Start of Block

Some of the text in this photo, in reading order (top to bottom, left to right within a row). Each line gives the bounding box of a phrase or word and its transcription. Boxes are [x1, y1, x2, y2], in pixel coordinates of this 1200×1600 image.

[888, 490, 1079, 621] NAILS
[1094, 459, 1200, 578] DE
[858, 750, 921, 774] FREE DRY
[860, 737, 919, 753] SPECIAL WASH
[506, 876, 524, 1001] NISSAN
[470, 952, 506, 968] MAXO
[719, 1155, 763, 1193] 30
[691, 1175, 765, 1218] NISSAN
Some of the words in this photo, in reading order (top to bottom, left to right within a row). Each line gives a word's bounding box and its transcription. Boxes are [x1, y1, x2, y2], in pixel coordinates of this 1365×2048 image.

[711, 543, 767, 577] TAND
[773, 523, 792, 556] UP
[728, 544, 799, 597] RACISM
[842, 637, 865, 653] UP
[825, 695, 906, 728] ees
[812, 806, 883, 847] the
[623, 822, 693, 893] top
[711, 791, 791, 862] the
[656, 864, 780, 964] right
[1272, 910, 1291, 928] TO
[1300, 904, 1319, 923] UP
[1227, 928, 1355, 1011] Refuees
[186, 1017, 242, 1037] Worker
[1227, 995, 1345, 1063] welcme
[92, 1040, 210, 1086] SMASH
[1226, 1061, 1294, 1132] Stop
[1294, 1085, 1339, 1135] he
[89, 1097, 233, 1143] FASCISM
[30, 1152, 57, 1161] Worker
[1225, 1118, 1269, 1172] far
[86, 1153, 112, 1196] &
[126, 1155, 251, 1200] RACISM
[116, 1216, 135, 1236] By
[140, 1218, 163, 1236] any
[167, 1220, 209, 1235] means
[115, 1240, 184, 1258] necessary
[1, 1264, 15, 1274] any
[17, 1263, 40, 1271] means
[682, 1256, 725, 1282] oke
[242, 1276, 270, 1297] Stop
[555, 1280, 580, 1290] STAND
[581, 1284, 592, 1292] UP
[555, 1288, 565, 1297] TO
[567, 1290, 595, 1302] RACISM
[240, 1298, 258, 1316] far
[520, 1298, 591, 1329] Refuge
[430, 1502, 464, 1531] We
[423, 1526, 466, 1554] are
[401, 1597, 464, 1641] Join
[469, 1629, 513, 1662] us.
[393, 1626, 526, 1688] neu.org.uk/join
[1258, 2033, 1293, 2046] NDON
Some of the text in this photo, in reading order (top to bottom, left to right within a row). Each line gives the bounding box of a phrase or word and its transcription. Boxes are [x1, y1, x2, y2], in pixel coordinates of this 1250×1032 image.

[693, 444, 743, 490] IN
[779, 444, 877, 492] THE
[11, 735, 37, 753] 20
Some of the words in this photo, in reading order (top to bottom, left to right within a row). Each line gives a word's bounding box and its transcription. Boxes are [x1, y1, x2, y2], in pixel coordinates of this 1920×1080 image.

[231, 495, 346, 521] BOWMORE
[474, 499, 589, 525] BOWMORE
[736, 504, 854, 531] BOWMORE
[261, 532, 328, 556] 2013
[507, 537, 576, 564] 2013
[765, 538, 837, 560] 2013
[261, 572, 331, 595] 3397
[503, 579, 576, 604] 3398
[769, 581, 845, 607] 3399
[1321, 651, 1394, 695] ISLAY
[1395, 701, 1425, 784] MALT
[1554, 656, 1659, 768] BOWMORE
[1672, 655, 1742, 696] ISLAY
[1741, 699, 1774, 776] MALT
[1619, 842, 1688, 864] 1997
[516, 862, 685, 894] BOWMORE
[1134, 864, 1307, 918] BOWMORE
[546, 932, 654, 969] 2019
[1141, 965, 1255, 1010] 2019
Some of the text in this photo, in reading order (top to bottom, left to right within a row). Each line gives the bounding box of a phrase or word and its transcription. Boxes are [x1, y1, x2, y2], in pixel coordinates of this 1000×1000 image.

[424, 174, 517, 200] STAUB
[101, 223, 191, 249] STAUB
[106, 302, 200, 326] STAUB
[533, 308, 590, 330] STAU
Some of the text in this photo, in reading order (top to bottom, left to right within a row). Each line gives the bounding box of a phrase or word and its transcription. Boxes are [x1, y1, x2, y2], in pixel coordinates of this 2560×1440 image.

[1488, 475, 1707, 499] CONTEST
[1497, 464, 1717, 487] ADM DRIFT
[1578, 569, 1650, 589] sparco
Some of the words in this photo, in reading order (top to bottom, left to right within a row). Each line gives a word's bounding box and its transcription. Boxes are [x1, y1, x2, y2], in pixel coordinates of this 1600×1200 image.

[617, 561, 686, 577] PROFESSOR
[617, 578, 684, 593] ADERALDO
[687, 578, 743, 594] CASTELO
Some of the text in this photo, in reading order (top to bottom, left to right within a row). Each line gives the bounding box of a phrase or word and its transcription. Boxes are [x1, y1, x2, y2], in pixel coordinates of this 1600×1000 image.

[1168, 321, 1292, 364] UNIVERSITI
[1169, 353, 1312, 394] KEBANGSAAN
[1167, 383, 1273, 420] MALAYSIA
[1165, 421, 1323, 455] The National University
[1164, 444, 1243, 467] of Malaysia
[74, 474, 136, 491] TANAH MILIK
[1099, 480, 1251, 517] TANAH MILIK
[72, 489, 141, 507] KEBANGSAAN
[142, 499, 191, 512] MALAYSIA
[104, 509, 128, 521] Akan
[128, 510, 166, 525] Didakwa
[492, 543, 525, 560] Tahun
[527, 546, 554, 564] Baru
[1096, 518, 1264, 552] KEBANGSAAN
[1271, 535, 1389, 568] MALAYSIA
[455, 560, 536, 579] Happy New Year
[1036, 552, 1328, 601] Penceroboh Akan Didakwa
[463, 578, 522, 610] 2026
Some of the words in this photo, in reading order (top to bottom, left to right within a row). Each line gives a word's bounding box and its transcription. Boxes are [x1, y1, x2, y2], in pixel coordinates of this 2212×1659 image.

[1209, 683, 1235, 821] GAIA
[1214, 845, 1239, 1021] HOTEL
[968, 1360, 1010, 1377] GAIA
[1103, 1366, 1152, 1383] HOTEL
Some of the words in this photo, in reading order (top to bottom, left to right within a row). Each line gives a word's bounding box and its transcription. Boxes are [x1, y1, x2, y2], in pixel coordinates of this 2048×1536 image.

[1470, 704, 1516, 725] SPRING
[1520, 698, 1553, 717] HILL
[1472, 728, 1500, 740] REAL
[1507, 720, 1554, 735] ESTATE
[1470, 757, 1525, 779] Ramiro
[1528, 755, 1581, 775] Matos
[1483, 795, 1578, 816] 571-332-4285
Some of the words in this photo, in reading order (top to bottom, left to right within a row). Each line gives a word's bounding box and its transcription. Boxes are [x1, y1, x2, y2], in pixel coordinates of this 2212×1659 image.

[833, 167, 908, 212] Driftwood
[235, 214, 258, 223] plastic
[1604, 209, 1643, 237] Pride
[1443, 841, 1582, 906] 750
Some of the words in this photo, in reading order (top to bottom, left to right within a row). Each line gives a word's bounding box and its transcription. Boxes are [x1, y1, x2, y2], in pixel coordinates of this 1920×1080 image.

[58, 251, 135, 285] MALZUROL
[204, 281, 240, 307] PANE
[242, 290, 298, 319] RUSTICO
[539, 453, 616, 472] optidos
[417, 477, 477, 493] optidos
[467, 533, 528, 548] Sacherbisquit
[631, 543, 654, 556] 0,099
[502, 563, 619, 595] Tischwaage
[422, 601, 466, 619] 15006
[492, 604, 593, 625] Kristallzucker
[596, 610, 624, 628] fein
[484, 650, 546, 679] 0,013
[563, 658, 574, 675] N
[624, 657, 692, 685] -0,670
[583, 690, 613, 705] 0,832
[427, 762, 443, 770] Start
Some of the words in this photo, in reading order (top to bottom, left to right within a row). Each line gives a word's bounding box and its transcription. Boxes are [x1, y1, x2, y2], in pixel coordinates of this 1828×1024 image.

End of Block

The data is to be given again in full, with every line exact.

Some of the text in this photo, in reading order (top to bottom, left to right within a row). Each line gives the bounding box of a phrase or word and its transcription. Boxes are [x1, y1, x2, y2], in pixel coordinates of this 1200×1600 image.

[888, 490, 1079, 621] NAILS
[1094, 459, 1200, 578] DE
[858, 750, 921, 774] FREE DRY
[860, 737, 919, 753] SPECIAL WASH
[506, 876, 524, 1001] NISSAN
[470, 952, 506, 968] MAXO
[719, 1155, 763, 1193] 30
[691, 1175, 765, 1218] NISSAN
Some of the words in this photo, in reading order (top to bottom, left to right within a row). Each line gives a word's bounding box and its transcription. Boxes are [x1, y1, x2, y2], in pixel coordinates of this 1365×2048 image.

[711, 543, 767, 577] TAND
[773, 523, 792, 556] UP
[728, 544, 799, 597] RACISM
[842, 637, 865, 653] UP
[825, 695, 906, 728] ees
[812, 806, 883, 847] the
[623, 822, 693, 893] top
[711, 791, 791, 862] the
[656, 864, 780, 964] right
[1272, 910, 1291, 928] TO
[1300, 904, 1319, 923] UP
[1227, 928, 1355, 1011] Refuees
[186, 1017, 242, 1037] Worker
[1227, 995, 1345, 1063] welcme
[92, 1040, 210, 1086] SMASH
[1226, 1061, 1294, 1132] Stop
[1294, 1085, 1339, 1135] he
[89, 1097, 233, 1143] FASCISM
[30, 1152, 57, 1161] Worker
[1225, 1118, 1269, 1172] far
[86, 1153, 112, 1196] &
[126, 1155, 251, 1200] RACISM
[116, 1216, 135, 1236] By
[140, 1218, 163, 1236] any
[167, 1220, 209, 1235] means
[115, 1240, 184, 1258] necessary
[1, 1264, 15, 1274] any
[17, 1263, 40, 1271] means
[682, 1256, 725, 1282] oke
[242, 1276, 270, 1297] Stop
[555, 1280, 580, 1290] STAND
[581, 1284, 592, 1292] UP
[555, 1288, 565, 1297] TO
[567, 1290, 595, 1302] RACISM
[240, 1298, 258, 1316] far
[520, 1298, 591, 1329] Refuge
[430, 1502, 464, 1531] We
[423, 1526, 466, 1554] are
[401, 1597, 464, 1641] Join
[469, 1629, 513, 1662] us.
[393, 1626, 526, 1688] neu.org.uk/join
[1258, 2033, 1293, 2046] NDON
Some of the text in this photo, in reading order (top to bottom, left to right within a row). Each line gives the bounding box of a phrase or word and its transcription. Boxes are [x1, y1, x2, y2], in pixel coordinates of this 1250×1032 image.

[693, 444, 743, 490] IN
[779, 444, 877, 492] THE
[11, 735, 37, 753] 20
Some of the words in this photo, in reading order (top to bottom, left to right within a row). Each line gives a word's bounding box and its transcription. Boxes are [x1, y1, x2, y2], in pixel coordinates of this 1920×1080 image.

[231, 495, 346, 521] BOWMORE
[474, 499, 589, 525] BOWMORE
[736, 504, 854, 531] BOWMORE
[261, 532, 328, 556] 2013
[507, 537, 576, 564] 2013
[765, 538, 837, 560] 2013
[261, 572, 331, 595] 3397
[503, 579, 576, 604] 3398
[769, 581, 845, 607] 3399
[1321, 651, 1394, 695] ISLAY
[1395, 701, 1425, 784] MALT
[1554, 656, 1659, 768] BOWMORE
[1672, 655, 1742, 696] ISLAY
[1741, 699, 1774, 776] MALT
[1619, 842, 1688, 864] 1997
[516, 862, 685, 894] BOWMORE
[1134, 864, 1307, 918] BOWMORE
[546, 932, 654, 969] 2019
[1141, 965, 1255, 1010] 2019
Some of the text in this photo, in reading order (top to bottom, left to right within a row). Each line gives the bounding box of a phrase or word and its transcription. Boxes are [x1, y1, x2, y2], in pixel coordinates of this 1000×1000 image.

[424, 174, 517, 200] STAUB
[101, 223, 191, 249] STAUB
[106, 302, 200, 326] STAUB
[533, 308, 590, 330] STAU
Some of the text in this photo, in reading order (top to bottom, left to right within a row). Each line gives the bounding box of a phrase or word and its transcription. Boxes are [x1, y1, x2, y2], in pixel coordinates of this 2560×1440 image.

[1488, 475, 1707, 499] CONTEST
[1497, 464, 1717, 487] ADM DRIFT
[1578, 569, 1650, 589] sparco
Some of the words in this photo, in reading order (top to bottom, left to right within a row). Each line gives a word's bounding box and its transcription. Boxes are [x1, y1, x2, y2], in pixel coordinates of this 1600×1200 image.

[617, 561, 686, 577] PROFESSOR
[617, 578, 684, 593] ADERALDO
[687, 578, 743, 594] CASTELO
Some of the text in this photo, in reading order (top to bottom, left to right within a row). Each line gives the bounding box of a phrase or word and its transcription. Boxes are [x1, y1, x2, y2], in pixel coordinates of this 1600×1000 image.

[1168, 321, 1292, 364] UNIVERSITI
[1169, 353, 1312, 394] KEBANGSAAN
[1167, 383, 1273, 420] MALAYSIA
[1165, 421, 1323, 455] The National University
[1164, 444, 1243, 467] of Malaysia
[74, 474, 136, 491] TANAH MILIK
[1099, 480, 1251, 517] TANAH MILIK
[72, 489, 141, 507] KEBANGSAAN
[142, 499, 191, 512] MALAYSIA
[104, 509, 128, 521] Akan
[128, 510, 166, 525] Didakwa
[492, 543, 525, 560] Tahun
[527, 546, 554, 564] Baru
[1096, 518, 1264, 552] KEBANGSAAN
[1271, 535, 1389, 568] MALAYSIA
[455, 560, 536, 579] Happy New Year
[1036, 552, 1328, 601] Penceroboh Akan Didakwa
[463, 578, 522, 610] 2026
Some of the words in this photo, in reading order (top to bottom, left to right within a row). Each line gives a word's bounding box and its transcription. Boxes are [x1, y1, x2, y2], in pixel coordinates of this 2212×1659 image.

[1209, 683, 1235, 821] GAIA
[1214, 845, 1239, 1021] HOTEL
[968, 1360, 1010, 1377] GAIA
[1103, 1366, 1152, 1383] HOTEL
Some of the words in this photo, in reading order (top to bottom, left to right within a row). Each line gives a word's bounding box and its transcription. Boxes are [x1, y1, x2, y2], in pixel coordinates of this 2048×1536 image.

[1470, 704, 1516, 725] SPRING
[1520, 698, 1553, 717] HILL
[1472, 728, 1500, 740] REAL
[1507, 720, 1554, 735] ESTATE
[1470, 757, 1525, 779] Ramiro
[1528, 755, 1581, 775] Matos
[1483, 795, 1578, 816] 571-332-4285
Some of the words in this photo, in reading order (top to bottom, left to right within a row). Each line gives a word's bounding box and its transcription. Boxes are [x1, y1, x2, y2], in pixel coordinates of this 2212×1659 image.

[833, 167, 908, 212] Driftwood
[235, 214, 258, 223] plastic
[1604, 209, 1643, 237] Pride
[1443, 841, 1582, 906] 750
Some of the words in this photo, in reading order (top to bottom, left to right within a row). Each line gives a word's bounding box and its transcription. Boxes are [x1, y1, x2, y2], in pixel coordinates of this 1920×1080 image.

[58, 251, 135, 285] MALZUROL
[204, 281, 240, 307] PANE
[242, 290, 298, 319] RUSTICO
[539, 453, 616, 472] optidos
[417, 477, 477, 493] optidos
[467, 533, 528, 548] Sacherbisquit
[631, 543, 654, 556] 0,099
[502, 563, 619, 595] Tischwaage
[422, 601, 466, 619] 15006
[492, 604, 593, 625] Kristallzucker
[596, 610, 624, 628] fein
[484, 650, 546, 679] 0,013
[563, 658, 574, 675] N
[624, 657, 692, 685] -0,670
[583, 690, 613, 705] 0,832
[427, 762, 443, 770] Start
Some of the words in this photo, in reading order (top to bottom, left to right within a row). Each line gives a word's bounding box and its transcription. Boxes are [x1, y1, x2, y2], in pixel coordinates of this 1828×1024 image.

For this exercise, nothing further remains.